= Land-use conflict =

A land-use conflict occurs when there are conflicting views on land-use policies, such as when an increasing population creates competitive demands for the use of the land, causing a negative impact on other land uses nearby.

==Common types==

===Urban===
One of the most extensively studied urban land-use conflicts is that of highways and car infrastructure generally. Because urban areas concentrate large numbers of people in close proximity, the noise and air of one single vehicle is multiplied by the population density within range of the vehicle. The multiplicative effects of density means cars typically represent the most prominent land-use conflict in medium and large urban areas.
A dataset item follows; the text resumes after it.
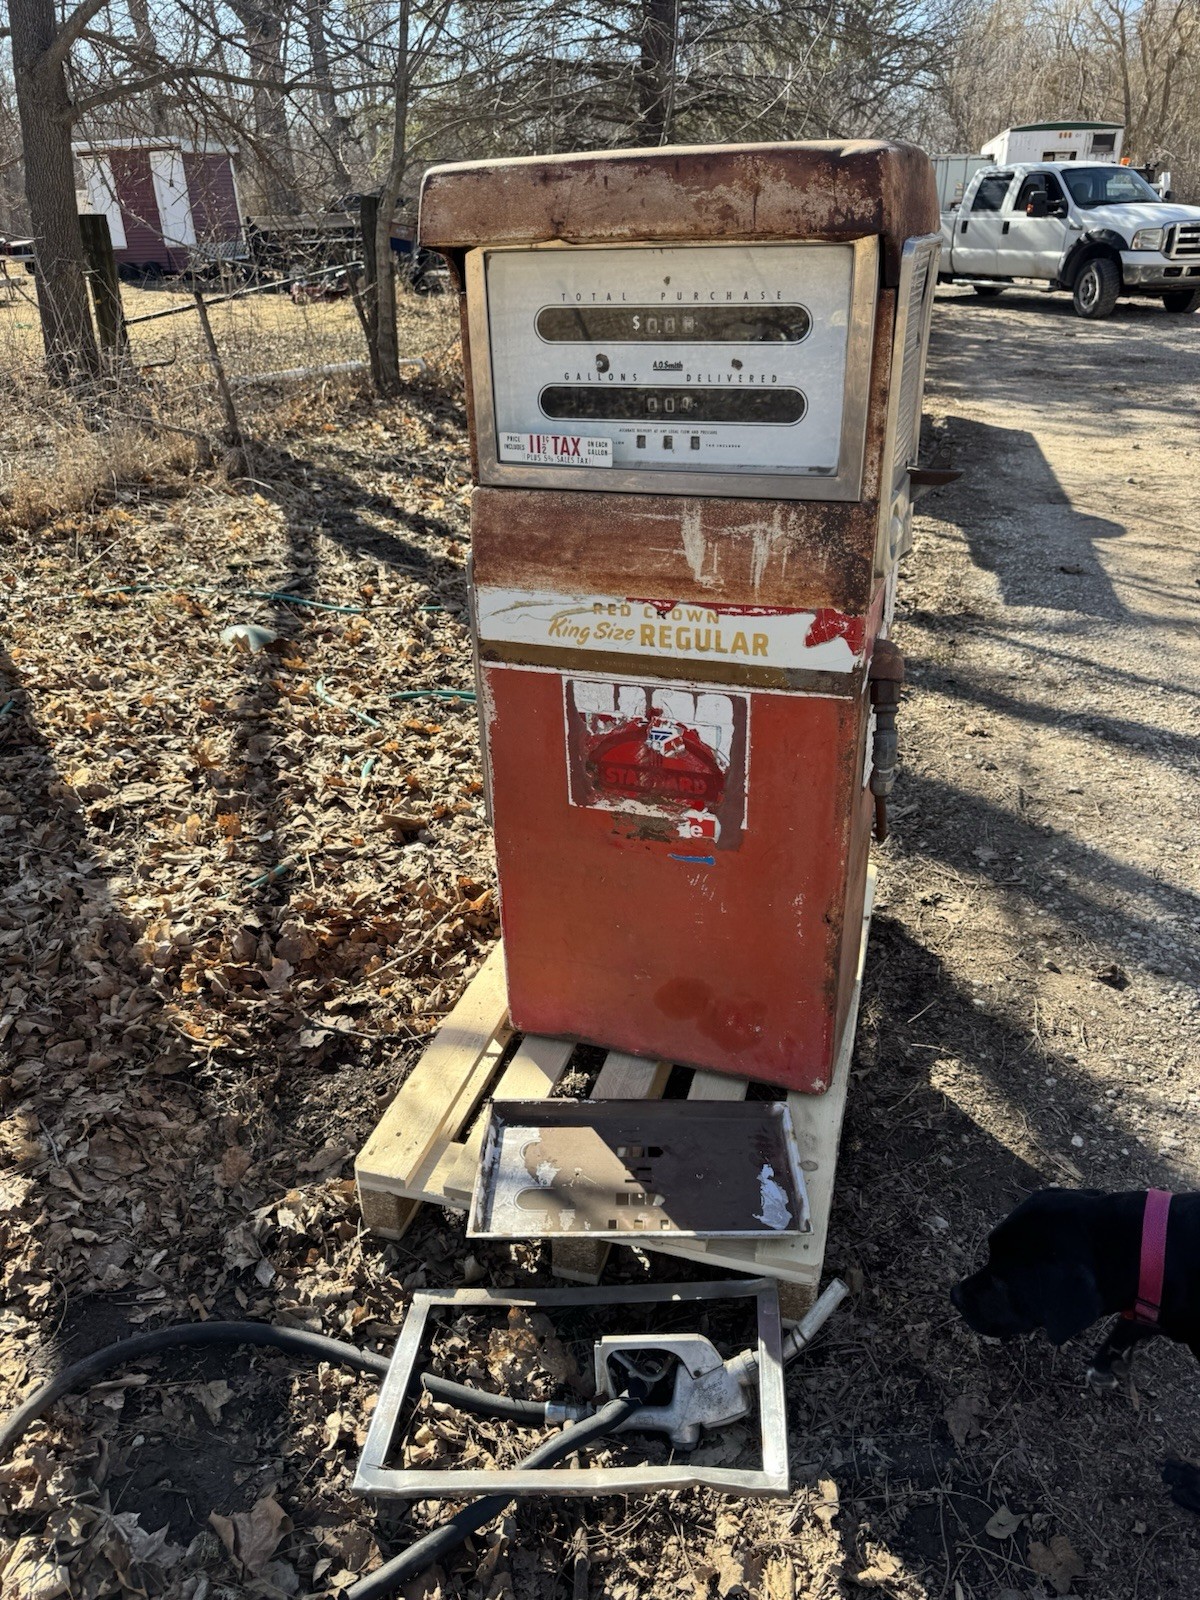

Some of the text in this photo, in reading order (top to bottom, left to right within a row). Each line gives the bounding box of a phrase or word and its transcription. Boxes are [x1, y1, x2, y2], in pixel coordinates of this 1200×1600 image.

Heavy road traffic also causes traffic congestion, affecting many nearby residents and increasing pollution of microplastics and wasting time.
Besides transportation, industrial land-use represents the next most significant source of urban land conflict. Urban factories have been the target of urban land-use reforms ever since the first factories were built in 1700s England.

Urban planning was poor or non-existent in the past. Both residential and industrial areas require convenient transport. Labour-intensive industries need to seek workers easily. As a result, residential and industrial areas are often close neighbours.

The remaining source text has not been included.